TASK ITEM:
Without including any image, repeat every record exactly.

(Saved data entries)
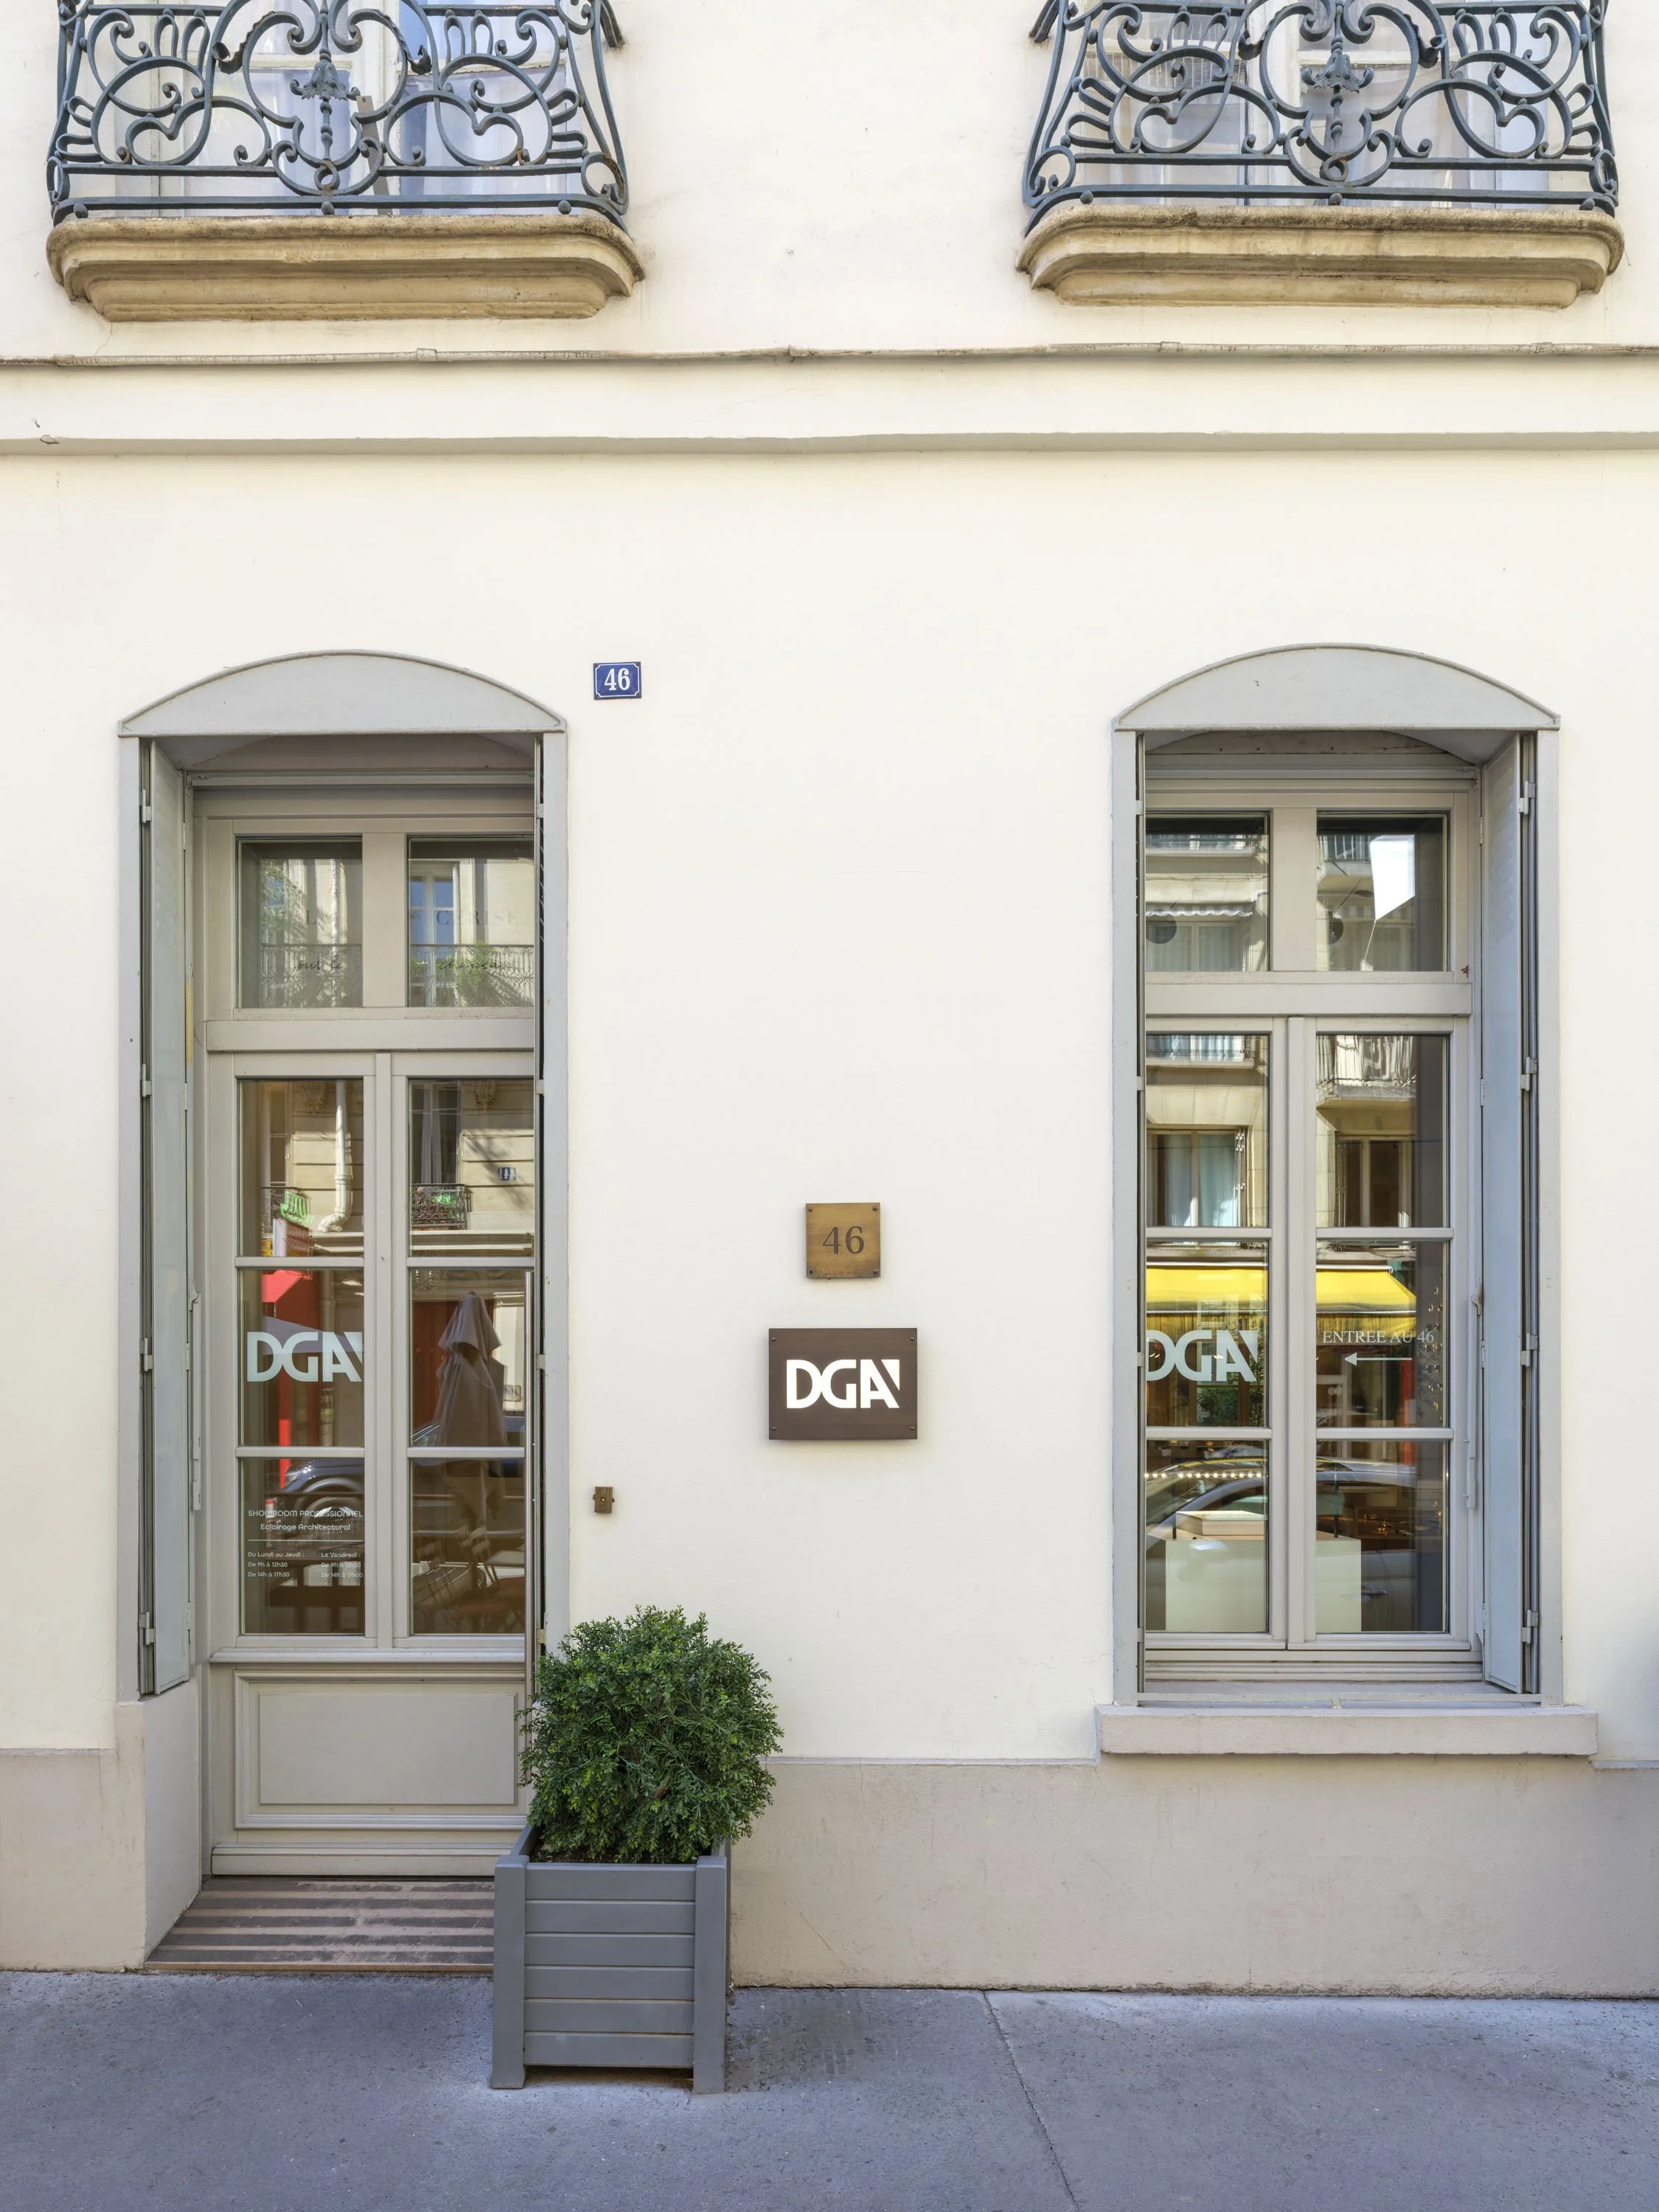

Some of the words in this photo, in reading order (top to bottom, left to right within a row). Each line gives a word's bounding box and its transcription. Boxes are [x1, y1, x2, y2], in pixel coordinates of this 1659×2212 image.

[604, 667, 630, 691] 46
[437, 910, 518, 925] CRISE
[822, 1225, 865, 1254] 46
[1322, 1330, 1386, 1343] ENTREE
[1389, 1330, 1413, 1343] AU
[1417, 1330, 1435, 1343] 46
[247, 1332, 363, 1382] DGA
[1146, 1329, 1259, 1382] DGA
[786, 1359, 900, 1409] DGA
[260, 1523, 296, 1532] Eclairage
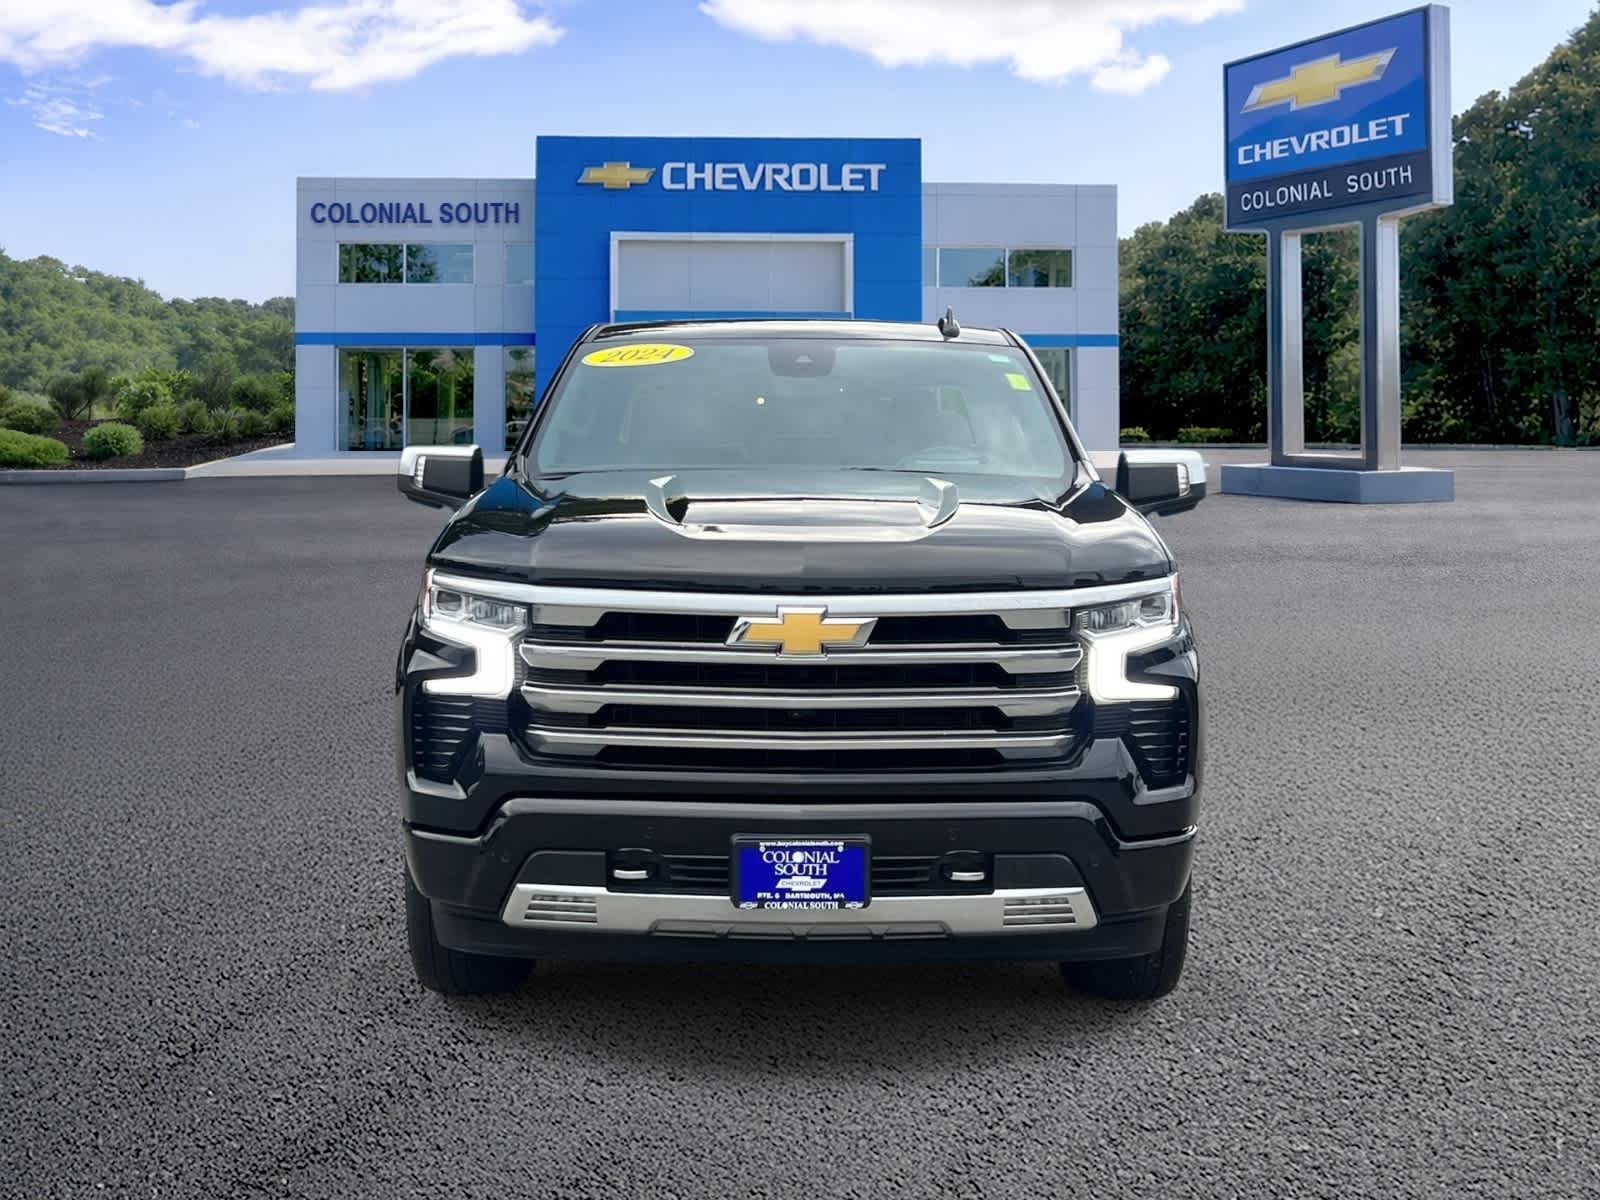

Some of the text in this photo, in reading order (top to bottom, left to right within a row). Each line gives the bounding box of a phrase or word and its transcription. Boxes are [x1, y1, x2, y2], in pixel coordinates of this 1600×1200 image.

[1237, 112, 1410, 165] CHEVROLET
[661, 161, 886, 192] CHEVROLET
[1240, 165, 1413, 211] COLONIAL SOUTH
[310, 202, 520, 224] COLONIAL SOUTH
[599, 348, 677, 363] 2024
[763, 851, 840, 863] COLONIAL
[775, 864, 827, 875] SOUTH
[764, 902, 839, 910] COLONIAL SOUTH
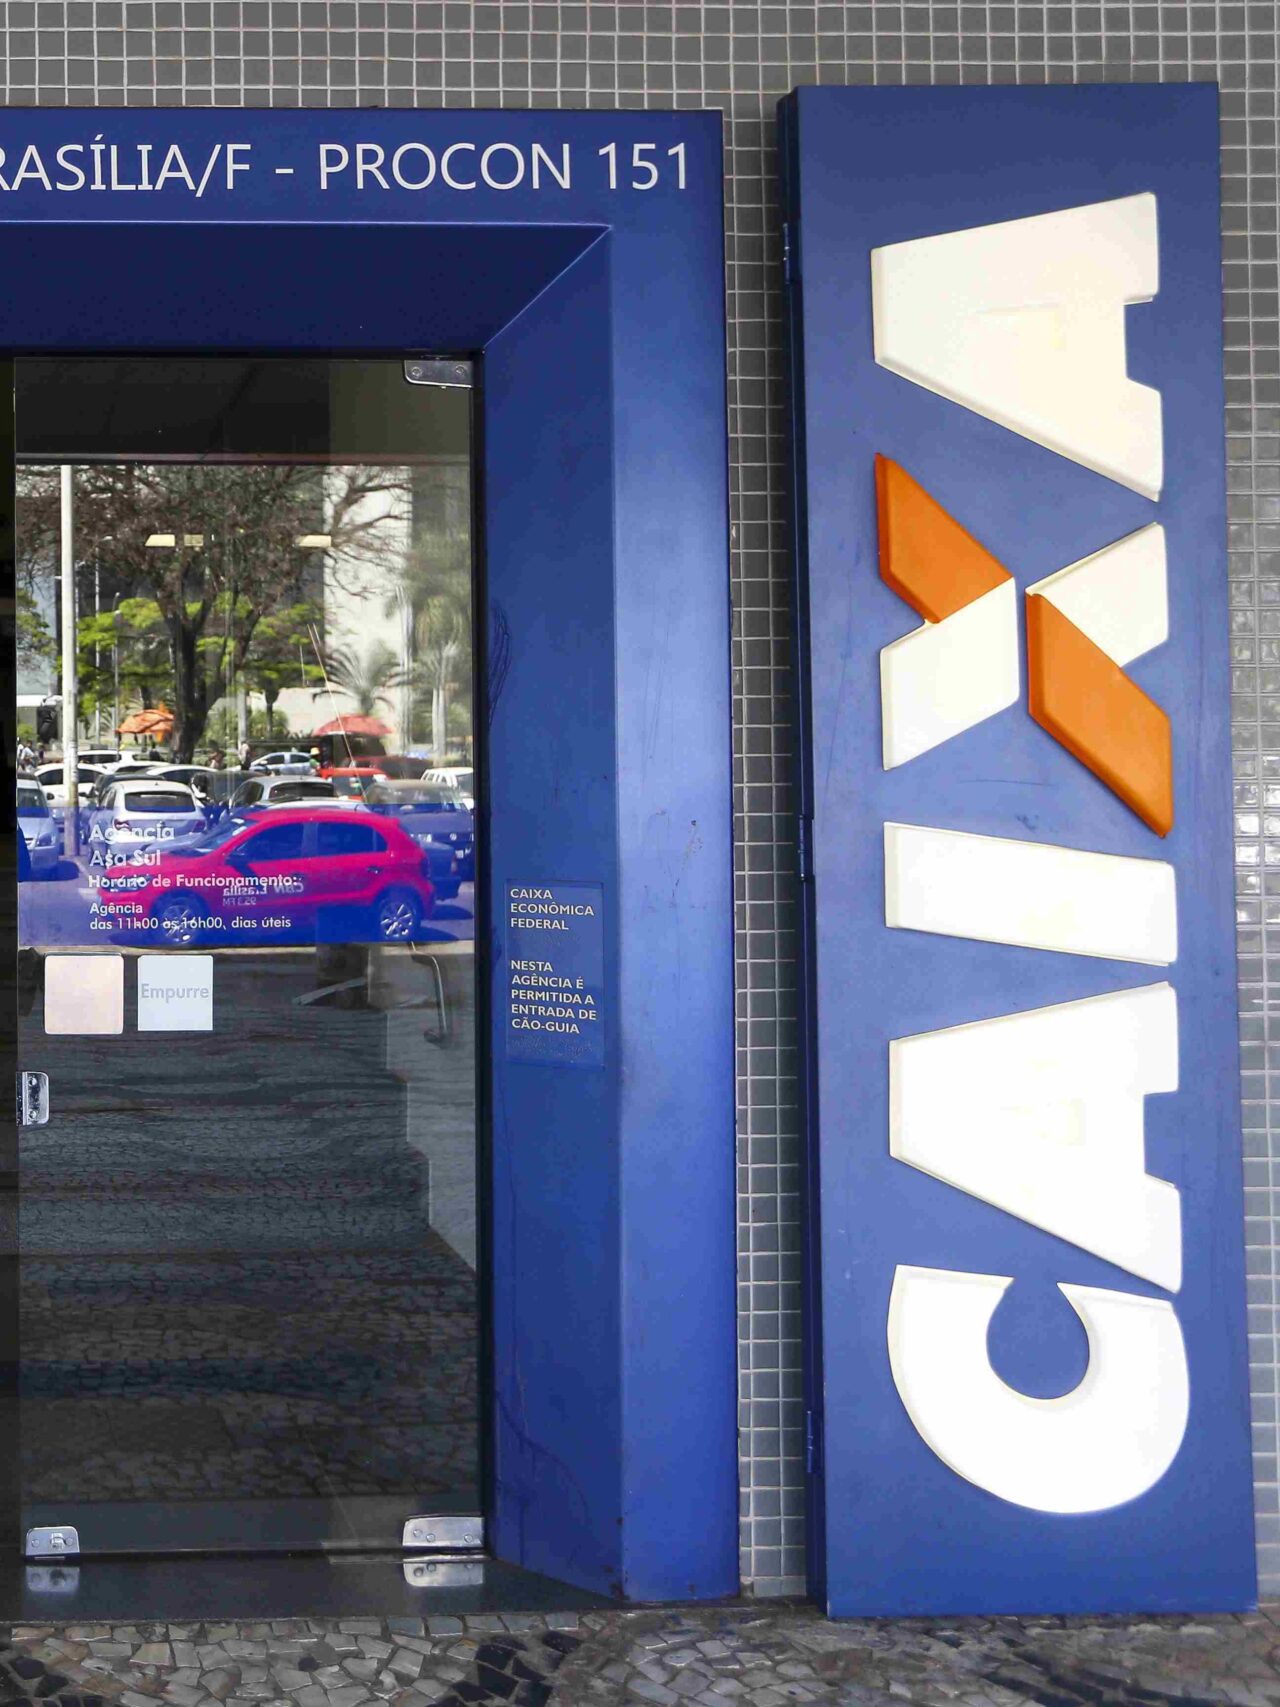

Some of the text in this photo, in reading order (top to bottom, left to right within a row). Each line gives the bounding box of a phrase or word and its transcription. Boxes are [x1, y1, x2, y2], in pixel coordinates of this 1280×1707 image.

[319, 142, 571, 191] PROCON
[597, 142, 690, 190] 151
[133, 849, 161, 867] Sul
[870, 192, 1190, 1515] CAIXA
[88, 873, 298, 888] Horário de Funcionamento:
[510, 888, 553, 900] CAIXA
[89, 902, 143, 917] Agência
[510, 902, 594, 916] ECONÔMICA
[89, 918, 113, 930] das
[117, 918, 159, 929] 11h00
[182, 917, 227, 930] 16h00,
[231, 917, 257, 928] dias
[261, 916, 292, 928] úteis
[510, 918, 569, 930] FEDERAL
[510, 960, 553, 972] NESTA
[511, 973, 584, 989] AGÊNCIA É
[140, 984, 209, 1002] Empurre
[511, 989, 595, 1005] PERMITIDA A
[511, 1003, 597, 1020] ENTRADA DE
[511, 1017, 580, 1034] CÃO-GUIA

ANSWER SPACE:
Some of the words in this photo, in reading order (top to bottom, left to right within a row). Each line gives a word's bounding box and its transcription. Boxes are [x1, y1, x2, y2], in pixel coordinates of this 1659×2212 image.

[604, 667, 630, 691] 46
[437, 910, 518, 925] CRISE
[822, 1225, 865, 1254] 46
[1322, 1330, 1386, 1343] ENTREE
[1389, 1330, 1413, 1343] AU
[1417, 1330, 1435, 1343] 46
[247, 1332, 363, 1382] DGA
[1146, 1329, 1259, 1382] DGA
[786, 1359, 900, 1409] DGA
[260, 1523, 296, 1532] Eclairage

Some of the text in this photo, in reading order (top to bottom, left to right within a row). Each line gives the bounding box of a phrase or word and its transcription. Boxes are [x1, y1, x2, y2], in pixel coordinates of this 1600×1200 image.

[1237, 112, 1410, 165] CHEVROLET
[661, 161, 886, 192] CHEVROLET
[1240, 165, 1413, 211] COLONIAL SOUTH
[310, 202, 520, 224] COLONIAL SOUTH
[599, 348, 677, 363] 2024
[763, 851, 840, 863] COLONIAL
[775, 864, 827, 875] SOUTH
[764, 902, 839, 910] COLONIAL SOUTH

Some of the text in this photo, in reading order (top to bottom, left to right within a row). Each line gives the bounding box of a phrase or word and its transcription. Boxes are [x1, y1, x2, y2], in pixel coordinates of this 1280×1707 image.

[319, 142, 571, 191] PROCON
[597, 142, 690, 190] 151
[133, 849, 161, 867] Sul
[870, 192, 1190, 1515] CAIXA
[88, 873, 298, 888] Horário de Funcionamento:
[510, 888, 553, 900] CAIXA
[89, 902, 143, 917] Agência
[510, 902, 594, 916] ECONÔMICA
[89, 918, 113, 930] das
[117, 918, 159, 929] 11h00
[182, 917, 227, 930] 16h00,
[231, 917, 257, 928] dias
[261, 916, 292, 928] úteis
[510, 918, 569, 930] FEDERAL
[510, 960, 553, 972] NESTA
[511, 973, 584, 989] AGÊNCIA É
[140, 984, 209, 1002] Empurre
[511, 989, 595, 1005] PERMITIDA A
[511, 1003, 597, 1020] ENTRADA DE
[511, 1017, 580, 1034] CÃO-GUIA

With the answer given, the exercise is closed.